*YOUR GOAL*:
Output each line of the listing that follows, with every character kept as it is.

*RECORDS FOR THIS TASK*:

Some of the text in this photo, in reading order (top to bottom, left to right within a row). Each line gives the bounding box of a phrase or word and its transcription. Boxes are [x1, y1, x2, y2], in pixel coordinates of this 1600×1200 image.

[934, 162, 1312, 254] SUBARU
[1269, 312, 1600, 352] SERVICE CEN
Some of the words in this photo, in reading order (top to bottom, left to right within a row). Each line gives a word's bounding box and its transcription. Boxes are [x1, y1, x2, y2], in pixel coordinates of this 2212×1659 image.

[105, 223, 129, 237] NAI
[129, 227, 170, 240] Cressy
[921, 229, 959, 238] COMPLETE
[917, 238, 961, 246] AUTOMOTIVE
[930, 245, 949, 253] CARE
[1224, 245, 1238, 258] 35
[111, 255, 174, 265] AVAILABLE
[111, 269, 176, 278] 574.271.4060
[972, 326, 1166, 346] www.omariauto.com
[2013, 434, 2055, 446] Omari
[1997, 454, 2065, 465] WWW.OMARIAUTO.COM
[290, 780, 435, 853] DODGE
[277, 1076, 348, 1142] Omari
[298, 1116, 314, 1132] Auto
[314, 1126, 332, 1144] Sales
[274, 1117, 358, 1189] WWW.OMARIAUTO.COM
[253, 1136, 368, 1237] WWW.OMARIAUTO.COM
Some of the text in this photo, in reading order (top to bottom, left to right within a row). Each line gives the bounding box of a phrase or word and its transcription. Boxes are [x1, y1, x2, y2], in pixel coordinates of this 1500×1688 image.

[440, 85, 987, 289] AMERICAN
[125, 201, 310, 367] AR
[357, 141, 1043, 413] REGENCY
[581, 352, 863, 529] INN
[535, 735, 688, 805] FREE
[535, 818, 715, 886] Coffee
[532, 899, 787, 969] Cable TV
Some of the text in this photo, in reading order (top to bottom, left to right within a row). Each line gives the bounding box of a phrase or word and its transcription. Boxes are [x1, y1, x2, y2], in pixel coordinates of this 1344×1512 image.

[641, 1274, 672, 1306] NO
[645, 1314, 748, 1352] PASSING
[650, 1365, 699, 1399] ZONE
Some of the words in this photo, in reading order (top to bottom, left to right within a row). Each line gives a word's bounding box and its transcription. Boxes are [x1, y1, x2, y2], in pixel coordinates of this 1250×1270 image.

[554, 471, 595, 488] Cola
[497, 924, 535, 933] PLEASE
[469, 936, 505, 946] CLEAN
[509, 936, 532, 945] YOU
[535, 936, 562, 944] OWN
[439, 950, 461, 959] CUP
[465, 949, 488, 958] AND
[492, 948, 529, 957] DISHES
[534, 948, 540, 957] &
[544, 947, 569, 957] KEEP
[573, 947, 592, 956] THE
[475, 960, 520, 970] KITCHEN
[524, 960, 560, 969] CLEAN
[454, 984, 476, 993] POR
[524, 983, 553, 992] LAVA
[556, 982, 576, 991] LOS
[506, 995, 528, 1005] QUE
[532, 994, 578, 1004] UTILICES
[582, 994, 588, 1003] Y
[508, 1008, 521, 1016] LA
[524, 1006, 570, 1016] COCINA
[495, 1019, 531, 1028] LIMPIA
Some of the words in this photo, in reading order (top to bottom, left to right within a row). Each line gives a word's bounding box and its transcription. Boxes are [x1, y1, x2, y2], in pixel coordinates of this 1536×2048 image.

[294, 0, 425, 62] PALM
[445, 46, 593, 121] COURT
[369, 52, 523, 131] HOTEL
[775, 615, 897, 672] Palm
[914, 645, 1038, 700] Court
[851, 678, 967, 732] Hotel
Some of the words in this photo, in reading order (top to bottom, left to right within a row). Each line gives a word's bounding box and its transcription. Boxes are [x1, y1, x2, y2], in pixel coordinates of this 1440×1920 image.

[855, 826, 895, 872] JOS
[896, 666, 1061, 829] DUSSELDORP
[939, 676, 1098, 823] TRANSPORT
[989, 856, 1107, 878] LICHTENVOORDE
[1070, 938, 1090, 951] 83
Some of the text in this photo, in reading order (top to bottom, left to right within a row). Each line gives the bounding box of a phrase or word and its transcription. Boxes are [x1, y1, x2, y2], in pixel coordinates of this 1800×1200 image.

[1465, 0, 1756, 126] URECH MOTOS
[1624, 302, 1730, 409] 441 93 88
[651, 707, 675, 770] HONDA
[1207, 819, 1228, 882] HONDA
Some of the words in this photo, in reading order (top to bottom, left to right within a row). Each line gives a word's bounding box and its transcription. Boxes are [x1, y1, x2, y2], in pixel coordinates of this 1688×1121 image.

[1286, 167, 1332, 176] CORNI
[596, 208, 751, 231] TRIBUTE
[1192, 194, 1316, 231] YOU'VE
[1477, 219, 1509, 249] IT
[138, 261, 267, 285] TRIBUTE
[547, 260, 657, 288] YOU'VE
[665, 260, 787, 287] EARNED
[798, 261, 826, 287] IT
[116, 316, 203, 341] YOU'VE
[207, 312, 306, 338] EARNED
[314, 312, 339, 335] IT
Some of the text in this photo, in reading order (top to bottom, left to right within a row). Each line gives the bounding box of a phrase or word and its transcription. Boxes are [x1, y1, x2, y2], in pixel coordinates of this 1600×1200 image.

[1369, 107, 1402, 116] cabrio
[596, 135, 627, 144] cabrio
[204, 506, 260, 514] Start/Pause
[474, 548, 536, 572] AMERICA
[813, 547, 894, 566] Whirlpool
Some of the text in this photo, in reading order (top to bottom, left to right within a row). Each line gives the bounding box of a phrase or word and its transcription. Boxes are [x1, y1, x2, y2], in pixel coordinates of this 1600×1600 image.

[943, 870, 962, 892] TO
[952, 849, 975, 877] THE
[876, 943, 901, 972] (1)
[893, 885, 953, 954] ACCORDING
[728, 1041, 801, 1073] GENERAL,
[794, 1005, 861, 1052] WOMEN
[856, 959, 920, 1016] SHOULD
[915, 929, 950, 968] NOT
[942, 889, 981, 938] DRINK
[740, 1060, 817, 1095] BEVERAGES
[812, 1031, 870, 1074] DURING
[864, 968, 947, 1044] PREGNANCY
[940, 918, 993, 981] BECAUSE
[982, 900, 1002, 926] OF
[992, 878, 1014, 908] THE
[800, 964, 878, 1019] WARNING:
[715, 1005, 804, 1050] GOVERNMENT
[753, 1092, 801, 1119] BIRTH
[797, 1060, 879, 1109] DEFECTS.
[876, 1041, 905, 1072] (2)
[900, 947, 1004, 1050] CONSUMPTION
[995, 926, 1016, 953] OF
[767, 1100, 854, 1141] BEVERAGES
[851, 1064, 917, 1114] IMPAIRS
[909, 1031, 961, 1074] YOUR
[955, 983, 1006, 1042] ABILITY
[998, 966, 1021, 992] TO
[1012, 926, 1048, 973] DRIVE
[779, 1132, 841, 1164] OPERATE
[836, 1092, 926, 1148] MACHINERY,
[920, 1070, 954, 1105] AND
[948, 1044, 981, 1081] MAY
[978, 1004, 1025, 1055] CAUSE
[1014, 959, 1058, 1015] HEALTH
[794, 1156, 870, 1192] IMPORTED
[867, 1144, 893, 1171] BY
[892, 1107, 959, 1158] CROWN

*ANSWER SECTION*:
Some of the text in this photo, in reading order (top to bottom, left to right within a row). Each line gives the bounding box of a phrase or word and its transcription. Boxes are [x1, y1, x2, y2], in pixel coordinates of this 1600×1200 image.

[934, 162, 1312, 254] SUBARU
[1269, 312, 1600, 352] SERVICE CEN
Some of the words in this photo, in reading order (top to bottom, left to right within a row). Each line gives a word's bounding box and its transcription. Boxes are [x1, y1, x2, y2], in pixel coordinates of this 2212×1659 image.

[105, 223, 129, 237] NAI
[129, 227, 170, 240] Cressy
[921, 229, 959, 238] COMPLETE
[917, 238, 961, 246] AUTOMOTIVE
[930, 245, 949, 253] CARE
[1224, 245, 1238, 258] 35
[111, 255, 174, 265] AVAILABLE
[111, 269, 176, 278] 574.271.4060
[972, 326, 1166, 346] www.omariauto.com
[2013, 434, 2055, 446] Omari
[1997, 454, 2065, 465] WWW.OMARIAUTO.COM
[290, 780, 435, 853] DODGE
[277, 1076, 348, 1142] Omari
[298, 1116, 314, 1132] Auto
[314, 1126, 332, 1144] Sales
[274, 1117, 358, 1189] WWW.OMARIAUTO.COM
[253, 1136, 368, 1237] WWW.OMARIAUTO.COM
Some of the text in this photo, in reading order (top to bottom, left to right within a row). Each line gives the bounding box of a phrase or word and its transcription. Boxes are [x1, y1, x2, y2], in pixel coordinates of this 1500×1688 image.

[440, 85, 987, 289] AMERICAN
[125, 201, 310, 367] AR
[357, 141, 1043, 413] REGENCY
[581, 352, 863, 529] INN
[535, 735, 688, 805] FREE
[535, 818, 715, 886] Coffee
[532, 899, 787, 969] Cable TV
Some of the text in this photo, in reading order (top to bottom, left to right within a row). Each line gives the bounding box of a phrase or word and its transcription. Boxes are [x1, y1, x2, y2], in pixel coordinates of this 1344×1512 image.

[641, 1274, 672, 1306] NO
[645, 1314, 748, 1352] PASSING
[650, 1365, 699, 1399] ZONE
Some of the words in this photo, in reading order (top to bottom, left to right within a row). Each line gives a word's bounding box and its transcription. Boxes are [x1, y1, x2, y2], in pixel coordinates of this 1250×1270 image.

[554, 471, 595, 488] Cola
[497, 924, 535, 933] PLEASE
[469, 936, 505, 946] CLEAN
[509, 936, 532, 945] YOU
[535, 936, 562, 944] OWN
[439, 950, 461, 959] CUP
[465, 949, 488, 958] AND
[492, 948, 529, 957] DISHES
[534, 948, 540, 957] &
[544, 947, 569, 957] KEEP
[573, 947, 592, 956] THE
[475, 960, 520, 970] KITCHEN
[524, 960, 560, 969] CLEAN
[454, 984, 476, 993] POR
[524, 983, 553, 992] LAVA
[556, 982, 576, 991] LOS
[506, 995, 528, 1005] QUE
[532, 994, 578, 1004] UTILICES
[582, 994, 588, 1003] Y
[508, 1008, 521, 1016] LA
[524, 1006, 570, 1016] COCINA
[495, 1019, 531, 1028] LIMPIA
Some of the words in this photo, in reading order (top to bottom, left to right within a row). Each line gives a word's bounding box and its transcription. Boxes are [x1, y1, x2, y2], in pixel coordinates of this 1536×2048 image.

[294, 0, 425, 62] PALM
[445, 46, 593, 121] COURT
[369, 52, 523, 131] HOTEL
[775, 615, 897, 672] Palm
[914, 645, 1038, 700] Court
[851, 678, 967, 732] Hotel
Some of the words in this photo, in reading order (top to bottom, left to right within a row). Each line gives a word's bounding box and its transcription. Boxes are [x1, y1, x2, y2], in pixel coordinates of this 1440×1920 image.

[855, 826, 895, 872] JOS
[896, 666, 1061, 829] DUSSELDORP
[939, 676, 1098, 823] TRANSPORT
[989, 856, 1107, 878] LICHTENVOORDE
[1070, 938, 1090, 951] 83
Some of the text in this photo, in reading order (top to bottom, left to right within a row). Each line gives the bounding box of a phrase or word and its transcription. Boxes are [x1, y1, x2, y2], in pixel coordinates of this 1800×1200 image.

[1465, 0, 1756, 126] URECH MOTOS
[1624, 302, 1730, 409] 441 93 88
[651, 707, 675, 770] HONDA
[1207, 819, 1228, 882] HONDA
Some of the words in this photo, in reading order (top to bottom, left to right within a row). Each line gives a word's bounding box and its transcription. Boxes are [x1, y1, x2, y2], in pixel coordinates of this 1688×1121 image.

[1286, 167, 1332, 176] CORNI
[596, 208, 751, 231] TRIBUTE
[1192, 194, 1316, 231] YOU'VE
[1477, 219, 1509, 249] IT
[138, 261, 267, 285] TRIBUTE
[547, 260, 657, 288] YOU'VE
[665, 260, 787, 287] EARNED
[798, 261, 826, 287] IT
[116, 316, 203, 341] YOU'VE
[207, 312, 306, 338] EARNED
[314, 312, 339, 335] IT
Some of the text in this photo, in reading order (top to bottom, left to right within a row). Each line gives the bounding box of a phrase or word and its transcription. Boxes are [x1, y1, x2, y2], in pixel coordinates of this 1600×1200 image.

[1369, 107, 1402, 116] cabrio
[596, 135, 627, 144] cabrio
[204, 506, 260, 514] Start/Pause
[474, 548, 536, 572] AMERICA
[813, 547, 894, 566] Whirlpool
Some of the text in this photo, in reading order (top to bottom, left to right within a row). Each line gives the bounding box of a phrase or word and its transcription. Boxes are [x1, y1, x2, y2], in pixel coordinates of this 1600×1600 image.

[943, 870, 962, 892] TO
[952, 849, 975, 877] THE
[876, 943, 901, 972] (1)
[893, 885, 953, 954] ACCORDING
[728, 1041, 801, 1073] GENERAL,
[794, 1005, 861, 1052] WOMEN
[856, 959, 920, 1016] SHOULD
[915, 929, 950, 968] NOT
[942, 889, 981, 938] DRINK
[740, 1060, 817, 1095] BEVERAGES
[812, 1031, 870, 1074] DURING
[864, 968, 947, 1044] PREGNANCY
[940, 918, 993, 981] BECAUSE
[982, 900, 1002, 926] OF
[992, 878, 1014, 908] THE
[800, 964, 878, 1019] WARNING:
[715, 1005, 804, 1050] GOVERNMENT
[753, 1092, 801, 1119] BIRTH
[797, 1060, 879, 1109] DEFECTS.
[876, 1041, 905, 1072] (2)
[900, 947, 1004, 1050] CONSUMPTION
[995, 926, 1016, 953] OF
[767, 1100, 854, 1141] BEVERAGES
[851, 1064, 917, 1114] IMPAIRS
[909, 1031, 961, 1074] YOUR
[955, 983, 1006, 1042] ABILITY
[998, 966, 1021, 992] TO
[1012, 926, 1048, 973] DRIVE
[779, 1132, 841, 1164] OPERATE
[836, 1092, 926, 1148] MACHINERY,
[920, 1070, 954, 1105] AND
[948, 1044, 981, 1081] MAY
[978, 1004, 1025, 1055] CAUSE
[1014, 959, 1058, 1015] HEALTH
[794, 1156, 870, 1192] IMPORTED
[867, 1144, 893, 1171] BY
[892, 1107, 959, 1158] CROWN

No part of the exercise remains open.